Ethical approval and animals

Timed pregnant Wistar rats were obtained from the Animal Resources Centre, WA, Australia. They were maintained at 22°C on a 12 hr light/dark cycle (0700–1900 hr) with pelleted rat chow and water available ad libitum. All procedures were conducted in accordance with the National Health and Medical Research Council Australia Code of Practice for the Care of Experimental Animals and were approved by the Monash University School of Biomedical Sciences Animal Ethics Committee.

Litter manipulation

On the day of birth (postnatal day (P) 1) all pups were removed from their dams and randomly reallocated to new dams in litters of four or 16 as previously described [3]. Care was taken that no dam received any of her own pups. Each new litter was made up of 50% males and 50% females. Excess pups were culled.

Following pup reallocation, the litters were weighed weekly as whole litter units, it having previously been determined that males and females show similar growth rates until after weaning [24]. At weaning the pups were separated into same-sex littermate pairs and left undisturbed, except for the usual animal husbandry, until experimentation. In these experiments we report data from 248 offspring from 32 litters. In each experiment we used a maximum of two rats per sex per litter. In total we used 10 CL and 22 SL litters. Such differences in N relate to the numbers of experimental animals our manipulation generates (i.e. 16 per litter from CL and 4 per litter from SL). We did not match these in order to avoid unnecessarily killing animals. However, every experimental group contained representatives from at least three litters to control for potential maternal effects.

Fat mass measurements

At either P14 (juveniles) or P84 (adults) a cohort of rats was deeply anaesthetized with Lethabarb (sodium pentobarbitone, Virbac, Australia; approximately 150 mg/kg intraperitoneal). We then assessed whole body composition, including adiposity, bone, and lean mass, using a small animal (juveniles) dual energy X-ray absorptiometry (DEXA; Lunar PIXImus X-Ray Densitometer System, PIXImus, Fitchburg, WI, USA) or a large animal (adults) DEXA (Hologic Discovery A, Bone Densitometer, Hologic, Inc. Bedford MA, USA; juveniles n = 4–10 rats per group, adults n = 4–11 rats per group). A second cohort of rats at these ages was anaesthetized then quickly decapitated to obtain blood samples for detection of plasma leptin (see below) The fat mass in the individual depots was determined by dissection. Inguinal fat was dissected as representative of subcutaneous fat and retroperitoneal was considered representative of abdominal fat (juveniles n = 8 rats per group, adults n = 9–12 rats per group).

Leptin measurements

Blood samples were kept on ice until the end of the experiment, when they were centrifuged and the plasma aliquots stored at −20°C until assayed. A standard leptin ELISA (Millipore, Billerica, MA) was used to assess plasma levels. Inter-assay variability  = 2.95–3.93% coefficient of variation (CV), intra-assay variability 1.88–2.49% CV, and lower limit of detection 0.2 ng/ml. Samples from all treatment groups were assayed together (n = 6 rats per group).

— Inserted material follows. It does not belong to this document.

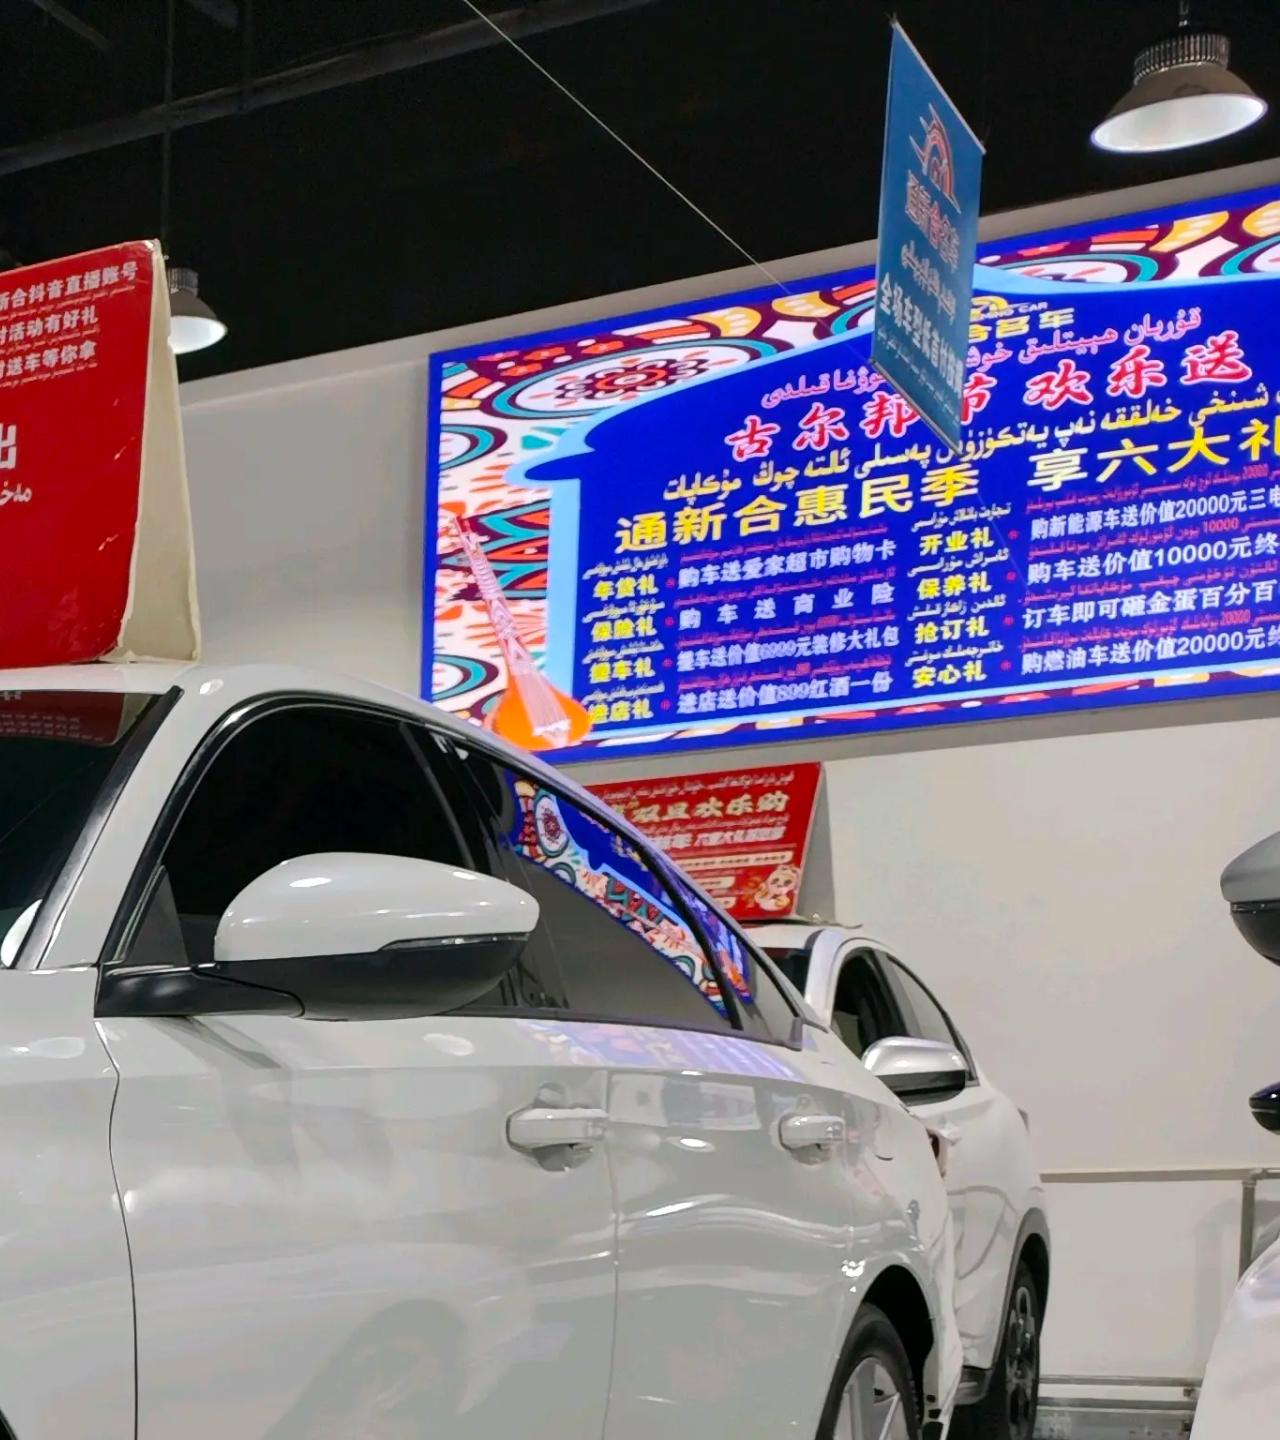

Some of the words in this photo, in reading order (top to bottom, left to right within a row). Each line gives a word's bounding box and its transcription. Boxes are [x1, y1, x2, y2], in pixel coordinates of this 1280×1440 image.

[615, 463, 979, 554] 通新合惠民季
[919, 527, 994, 556] 开业礼
[1023, 578, 1280, 629] 订车即可砸金蛋百分百

Brown adipose tissue thermogenesis

At P63, 70, or 77 a separate cohort of rats was anaesthetised with isofluorane (induced at 5% and maintained at 2%) and a sterile, silicone coated temperature-sensitive telemetry probe (Datasci, St Paul, MN, USA) implanted between the lobes of the interscapular BAT [25]. A preprogrammed temperature data logger (SubCue Dataloggers; Calgary, ALB, Canada) was also implanted in the abdomen. After four days recovery from surgery [26] the signal from the telemetry devices was recorded continuously and sampled at 5 min intervals for five days. These experiments were staggered by one week as we only had the capacity to run eight rats in the telemetry setup at any one time. The groups were randomized so that two males and two females from each group were run together (n = 6 rats per group).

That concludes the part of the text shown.